--- START ---
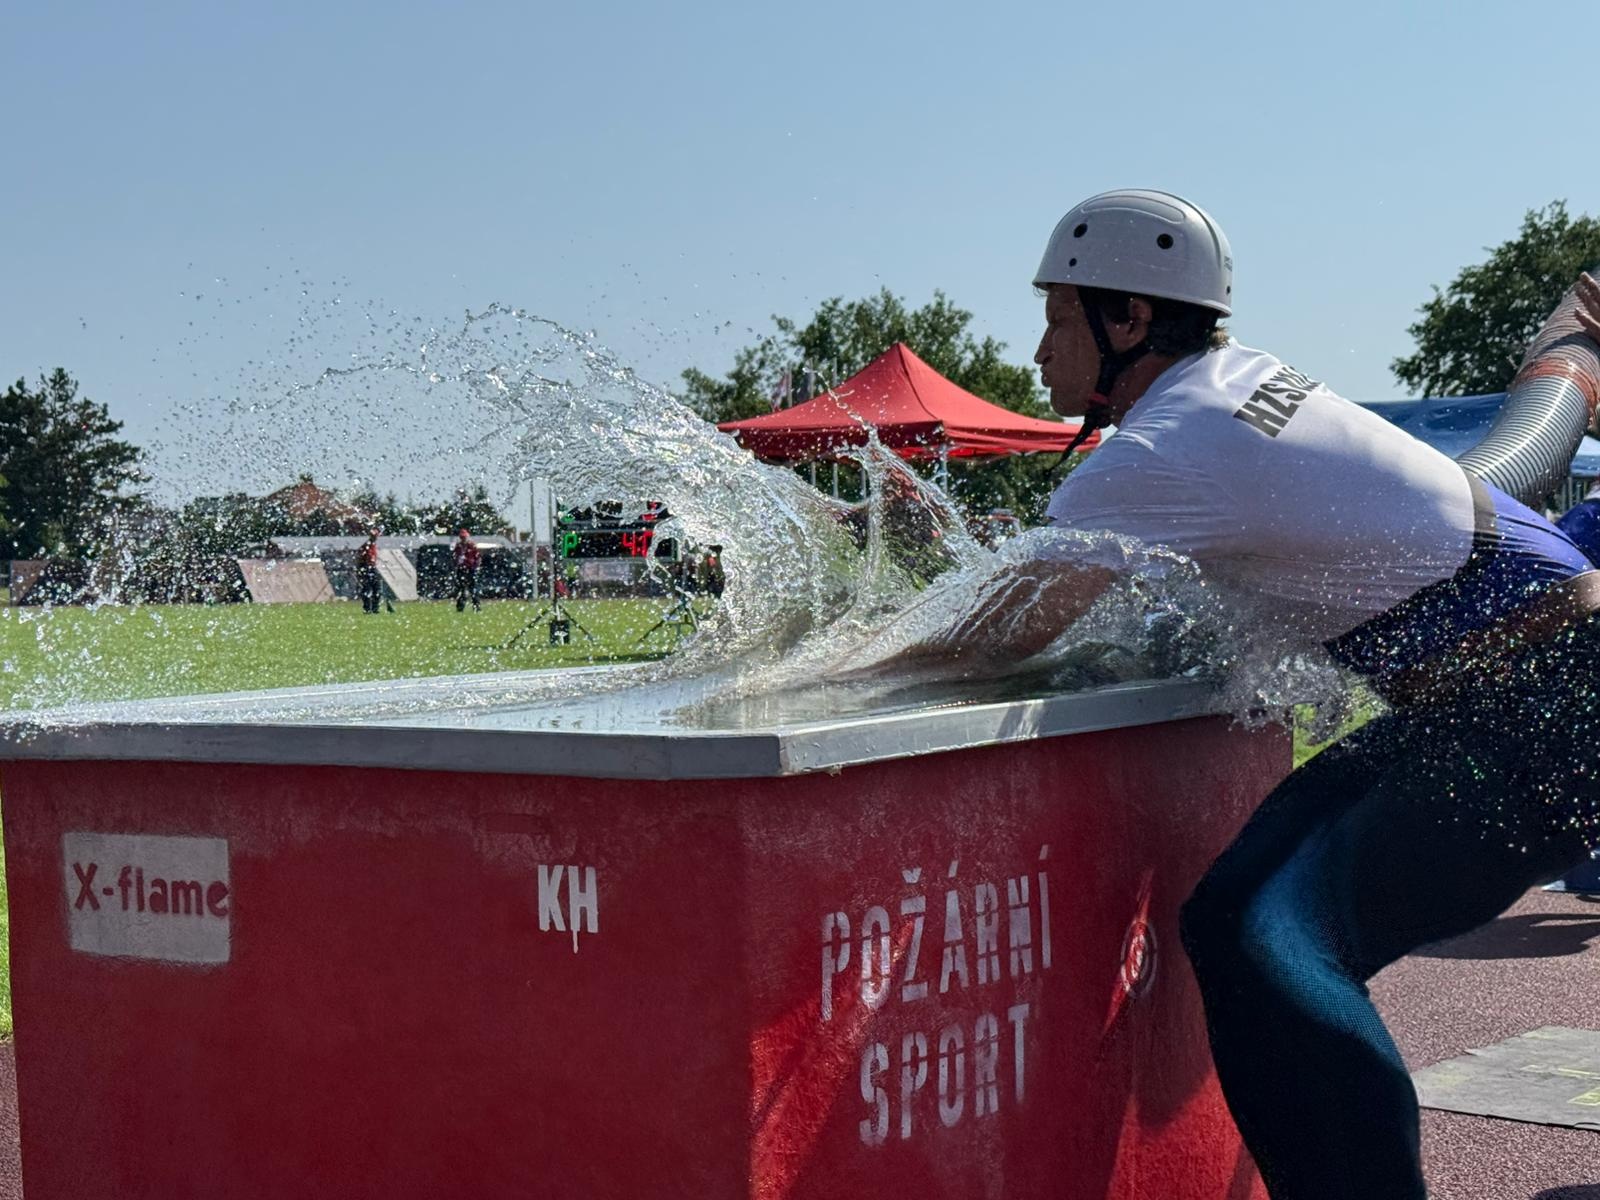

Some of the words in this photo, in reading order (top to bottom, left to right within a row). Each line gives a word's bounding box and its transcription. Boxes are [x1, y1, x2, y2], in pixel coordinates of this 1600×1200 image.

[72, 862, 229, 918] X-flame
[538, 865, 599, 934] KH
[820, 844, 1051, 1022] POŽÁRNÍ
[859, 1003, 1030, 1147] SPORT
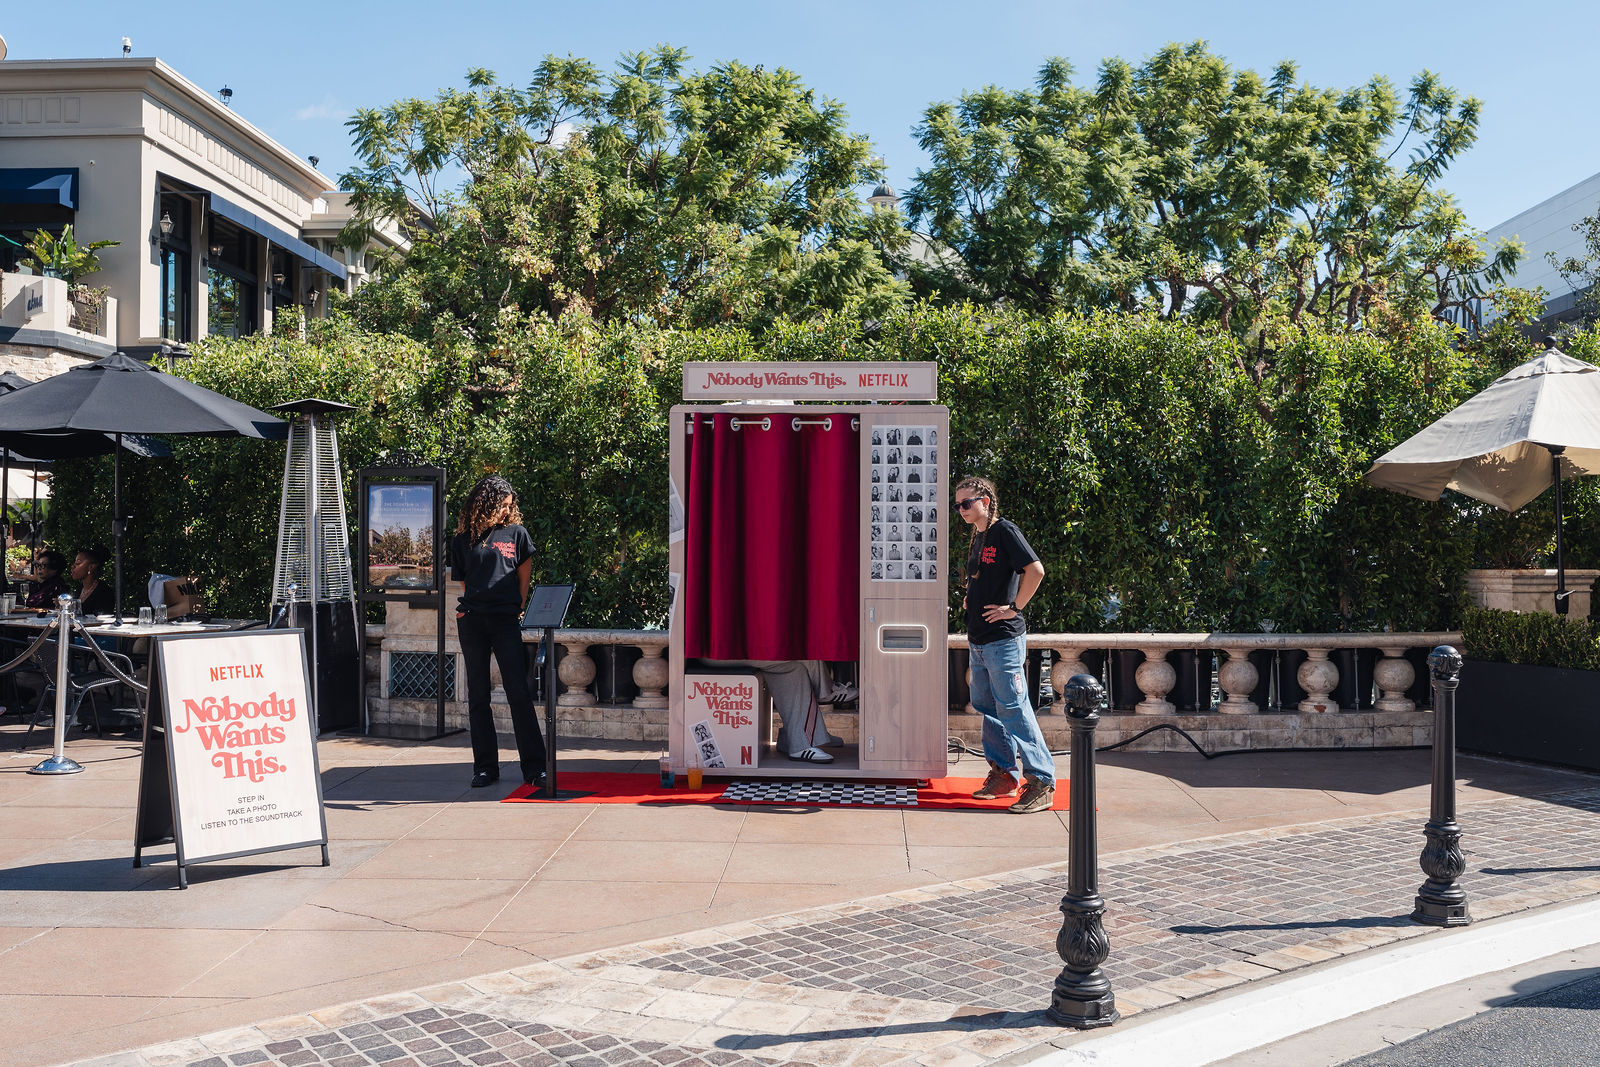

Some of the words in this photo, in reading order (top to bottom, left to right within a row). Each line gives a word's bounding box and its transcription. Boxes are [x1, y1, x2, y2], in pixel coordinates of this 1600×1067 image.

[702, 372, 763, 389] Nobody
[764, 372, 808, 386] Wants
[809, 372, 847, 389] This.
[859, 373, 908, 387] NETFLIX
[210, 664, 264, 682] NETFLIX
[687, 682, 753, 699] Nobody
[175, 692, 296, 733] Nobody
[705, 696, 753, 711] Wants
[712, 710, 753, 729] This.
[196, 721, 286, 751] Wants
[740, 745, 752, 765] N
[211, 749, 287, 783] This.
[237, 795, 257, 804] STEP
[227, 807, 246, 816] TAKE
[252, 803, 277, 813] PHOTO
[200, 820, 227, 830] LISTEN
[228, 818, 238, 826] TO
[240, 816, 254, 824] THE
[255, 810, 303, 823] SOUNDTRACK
--- END ---
● **WORK TO BE COMPLETED**: From the first line to the last, reproduce the records above exactly and skip the pictures.

● **EXPECTED OUTPUT**:
Some of the words in this photo, in reading order (top to bottom, left to right within a row). Each line gives a word's bounding box and its transcription. Boxes are [x1, y1, x2, y2], in pixel coordinates of this 1600×1200 image.

[72, 862, 229, 918] X-flame
[538, 865, 599, 934] KH
[820, 844, 1051, 1022] POŽÁRNÍ
[859, 1003, 1030, 1147] SPORT

Some of the words in this photo, in reading order (top to bottom, left to right within a row). Each line gives a word's bounding box and its transcription. Boxes are [x1, y1, x2, y2], in pixel coordinates of this 1600×1067 image.

[702, 372, 763, 389] Nobody
[764, 372, 808, 386] Wants
[809, 372, 847, 389] This.
[859, 373, 908, 387] NETFLIX
[210, 664, 264, 682] NETFLIX
[687, 682, 753, 699] Nobody
[175, 692, 296, 733] Nobody
[705, 696, 753, 711] Wants
[712, 710, 753, 729] This.
[196, 721, 286, 751] Wants
[740, 745, 752, 765] N
[211, 749, 287, 783] This.
[237, 795, 257, 804] STEP
[227, 807, 246, 816] TAKE
[252, 803, 277, 813] PHOTO
[200, 820, 227, 830] LISTEN
[228, 818, 238, 826] TO
[240, 816, 254, 824] THE
[255, 810, 303, 823] SOUNDTRACK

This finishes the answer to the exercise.